(Records contained in a dataset)
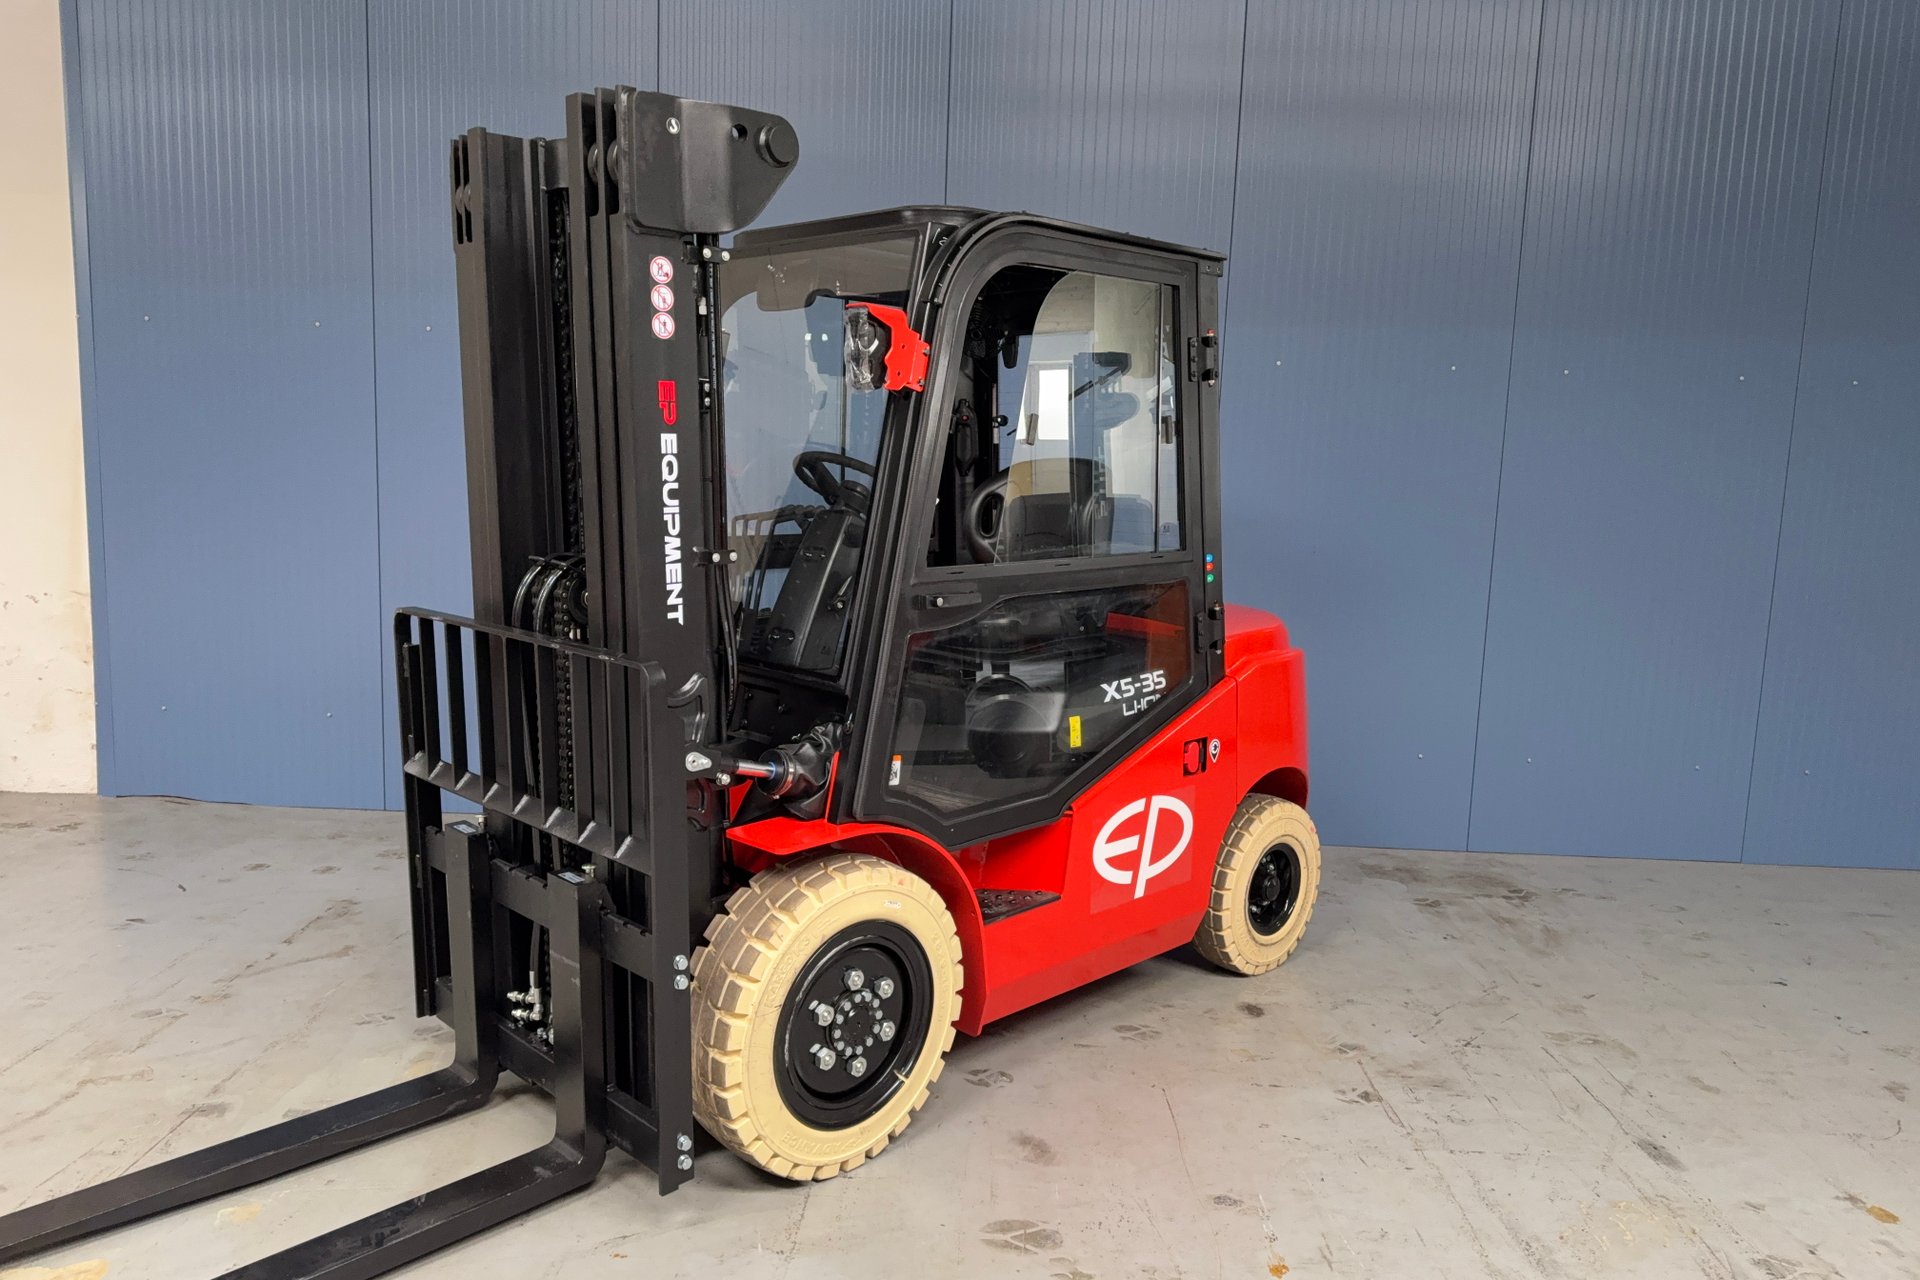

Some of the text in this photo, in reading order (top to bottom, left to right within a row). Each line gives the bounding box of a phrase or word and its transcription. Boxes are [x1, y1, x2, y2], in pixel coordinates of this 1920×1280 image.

[656, 379, 684, 626] EP EQUIPMENT
[1100, 670, 1167, 703] X5-35
[1093, 795, 1194, 899] EP
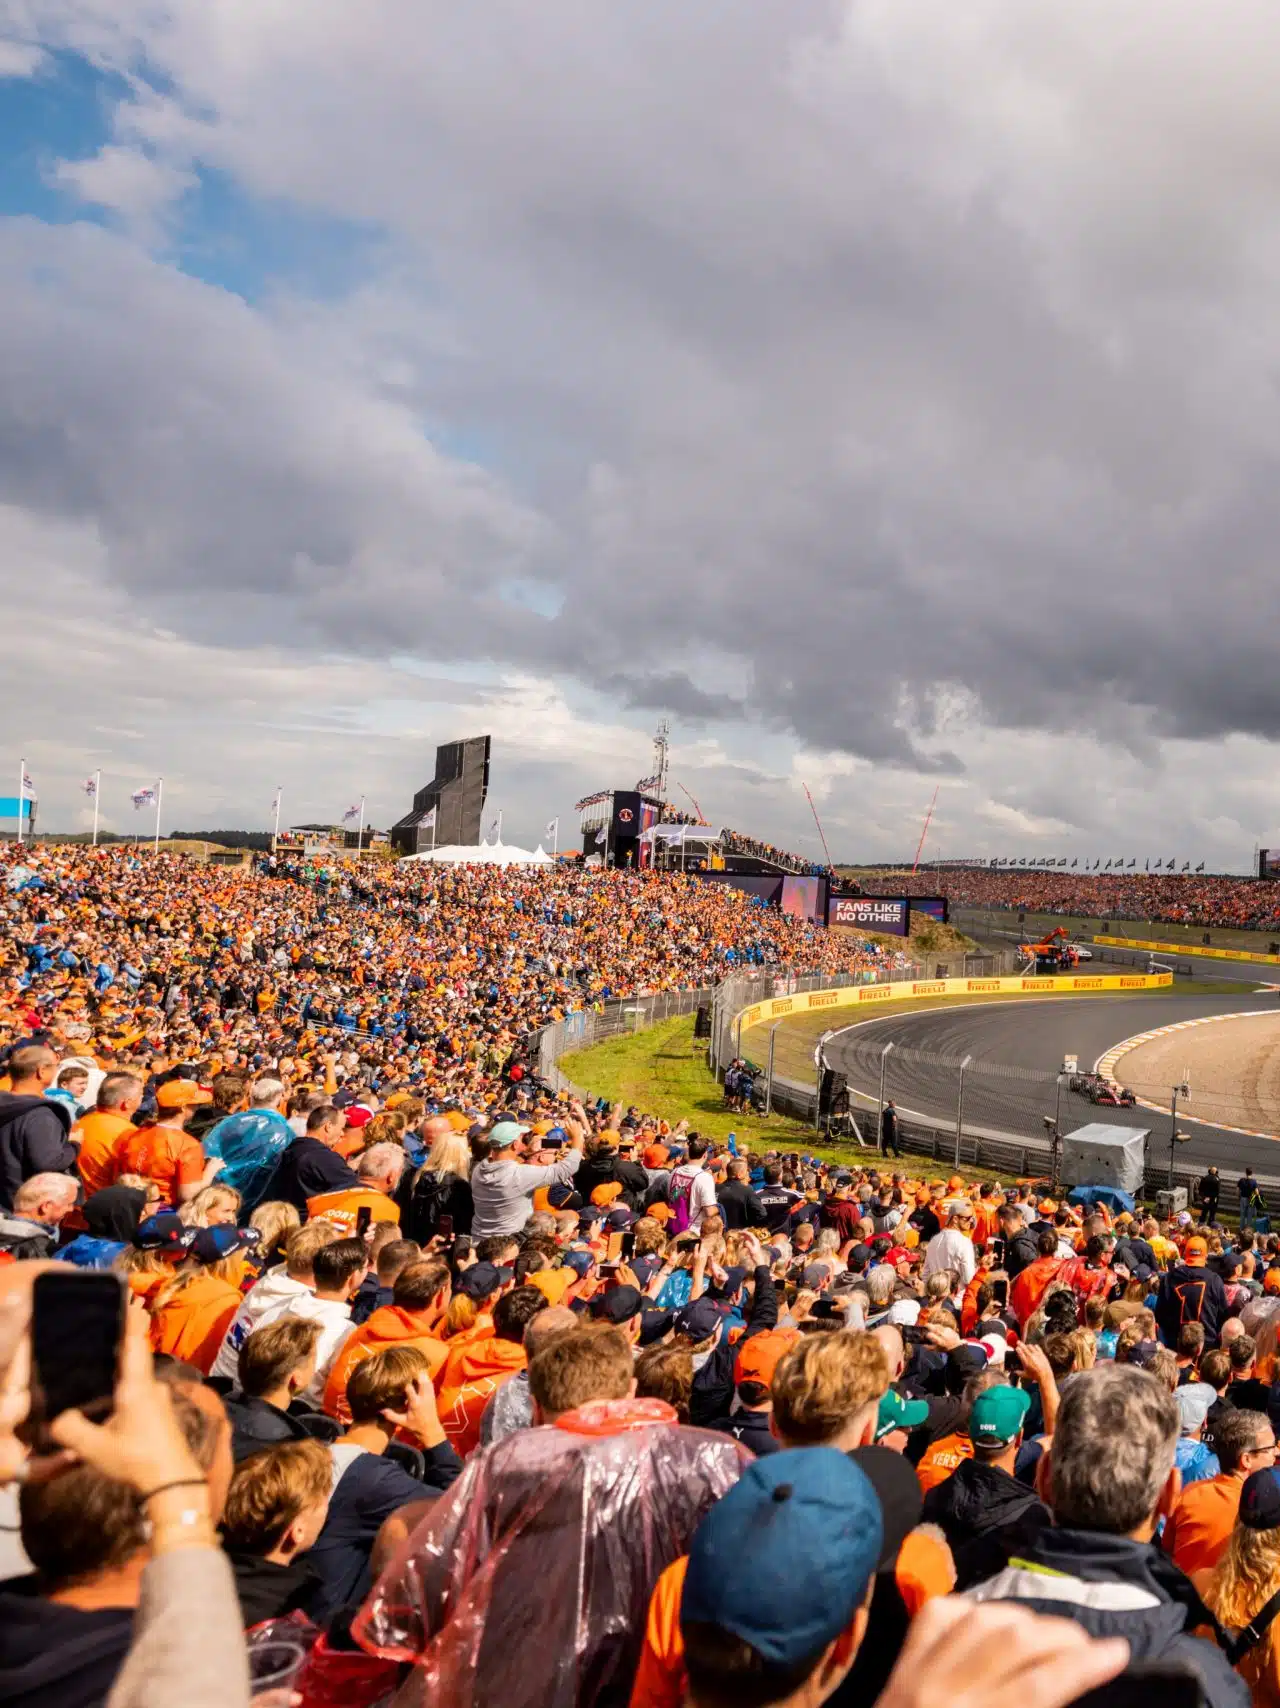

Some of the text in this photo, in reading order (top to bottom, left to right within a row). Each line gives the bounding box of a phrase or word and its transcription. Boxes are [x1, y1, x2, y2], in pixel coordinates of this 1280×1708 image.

[836, 902, 901, 913] FANS LIKE
[836, 912, 900, 923] NO OTHER
[913, 982, 946, 994] PIRELLI
[967, 980, 1000, 991] PIRELLI
[1022, 979, 1054, 990] PIRELLI
[1074, 978, 1103, 989] PIRELLI
[859, 986, 891, 1000] PIRELLI
[808, 992, 838, 1007] PIRELLI
[1175, 1281, 1206, 1324] 1

* _Problem statement_
Please repeat the lines above exactly, beginning with the line that contains "this 1280×1708 image." and ending with the final one.

* _Solution for this task_
Some of the text in this photo, in reading order (top to bottom, left to right within a row). Each line gives the bounding box of a phrase or word and its transcription. Boxes are [x1, y1, x2, y2], in pixel coordinates of this 1280×1708 image.

[836, 902, 901, 913] FANS LIKE
[836, 912, 900, 923] NO OTHER
[913, 982, 946, 994] PIRELLI
[967, 980, 1000, 991] PIRELLI
[1022, 979, 1054, 990] PIRELLI
[1074, 978, 1103, 989] PIRELLI
[859, 986, 891, 1000] PIRELLI
[808, 992, 838, 1007] PIRELLI
[1175, 1281, 1206, 1324] 1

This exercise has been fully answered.